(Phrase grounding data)
Segment Open
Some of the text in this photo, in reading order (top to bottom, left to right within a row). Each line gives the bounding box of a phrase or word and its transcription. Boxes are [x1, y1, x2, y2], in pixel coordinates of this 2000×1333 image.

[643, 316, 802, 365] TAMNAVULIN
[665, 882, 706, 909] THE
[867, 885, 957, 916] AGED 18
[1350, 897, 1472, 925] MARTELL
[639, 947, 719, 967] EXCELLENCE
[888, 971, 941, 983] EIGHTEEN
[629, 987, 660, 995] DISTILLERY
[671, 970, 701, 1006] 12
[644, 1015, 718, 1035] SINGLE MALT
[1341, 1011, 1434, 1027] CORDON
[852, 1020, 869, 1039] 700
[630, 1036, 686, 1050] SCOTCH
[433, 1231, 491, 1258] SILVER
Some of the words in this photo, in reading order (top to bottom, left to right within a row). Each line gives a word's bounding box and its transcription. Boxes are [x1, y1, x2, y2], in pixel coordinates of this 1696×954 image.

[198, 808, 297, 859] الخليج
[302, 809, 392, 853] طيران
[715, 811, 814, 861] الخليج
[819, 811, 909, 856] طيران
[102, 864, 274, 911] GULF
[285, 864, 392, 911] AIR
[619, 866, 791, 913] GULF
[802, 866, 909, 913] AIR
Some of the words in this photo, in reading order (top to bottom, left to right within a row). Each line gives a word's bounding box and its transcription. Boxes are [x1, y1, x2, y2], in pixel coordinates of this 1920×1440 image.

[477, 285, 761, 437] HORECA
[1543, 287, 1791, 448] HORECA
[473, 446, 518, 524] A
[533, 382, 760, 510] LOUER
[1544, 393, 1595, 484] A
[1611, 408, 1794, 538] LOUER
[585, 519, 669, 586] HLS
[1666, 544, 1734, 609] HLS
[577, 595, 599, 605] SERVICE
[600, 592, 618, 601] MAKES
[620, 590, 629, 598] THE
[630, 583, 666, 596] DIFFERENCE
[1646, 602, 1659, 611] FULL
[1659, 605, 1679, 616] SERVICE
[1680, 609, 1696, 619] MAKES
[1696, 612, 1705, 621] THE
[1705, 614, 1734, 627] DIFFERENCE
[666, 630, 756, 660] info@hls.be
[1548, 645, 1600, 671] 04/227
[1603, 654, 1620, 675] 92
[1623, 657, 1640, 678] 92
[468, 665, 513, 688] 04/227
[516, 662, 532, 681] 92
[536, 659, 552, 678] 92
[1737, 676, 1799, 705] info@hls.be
Segment Closed
WHAT YOU ARE ASKED TO DO → From the first line to the last, copy the records without alteration.

SOLVED PROBLEM →
Some of the text in this photo, in reading order (top to bottom, left to right within a row). Each line gives the bounding box of a phrase or word and its transcription. Boxes are [x1, y1, x2, y2], in pixel coordinates of this 2000×1333 image.

[643, 316, 802, 365] TAMNAVULIN
[665, 882, 706, 909] THE
[867, 885, 957, 916] AGED 18
[1350, 897, 1472, 925] MARTELL
[639, 947, 719, 967] EXCELLENCE
[888, 971, 941, 983] EIGHTEEN
[629, 987, 660, 995] DISTILLERY
[671, 970, 701, 1006] 12
[644, 1015, 718, 1035] SINGLE MALT
[1341, 1011, 1434, 1027] CORDON
[852, 1020, 869, 1039] 700
[630, 1036, 686, 1050] SCOTCH
[433, 1231, 491, 1258] SILVER
Some of the words in this photo, in reading order (top to bottom, left to right within a row). Each line gives a word's bounding box and its transcription. Boxes are [x1, y1, x2, y2], in pixel coordinates of this 1696×954 image.

[198, 808, 297, 859] الخليج
[302, 809, 392, 853] طيران
[715, 811, 814, 861] الخليج
[819, 811, 909, 856] طيران
[102, 864, 274, 911] GULF
[285, 864, 392, 911] AIR
[619, 866, 791, 913] GULF
[802, 866, 909, 913] AIR
Some of the words in this photo, in reading order (top to bottom, left to right within a row). Each line gives a word's bounding box and its transcription. Boxes are [x1, y1, x2, y2], in pixel coordinates of this 1920×1440 image.

[477, 285, 761, 437] HORECA
[1543, 287, 1791, 448] HORECA
[473, 446, 518, 524] A
[533, 382, 760, 510] LOUER
[1544, 393, 1595, 484] A
[1611, 408, 1794, 538] LOUER
[585, 519, 669, 586] HLS
[1666, 544, 1734, 609] HLS
[577, 595, 599, 605] SERVICE
[600, 592, 618, 601] MAKES
[620, 590, 629, 598] THE
[630, 583, 666, 596] DIFFERENCE
[1646, 602, 1659, 611] FULL
[1659, 605, 1679, 616] SERVICE
[1680, 609, 1696, 619] MAKES
[1696, 612, 1705, 621] THE
[1705, 614, 1734, 627] DIFFERENCE
[666, 630, 756, 660] info@hls.be
[1548, 645, 1600, 671] 04/227
[1603, 654, 1620, 675] 92
[1623, 657, 1640, 678] 92
[468, 665, 513, 688] 04/227
[516, 662, 532, 681] 92
[536, 659, 552, 678] 92
[1737, 676, 1799, 705] info@hls.be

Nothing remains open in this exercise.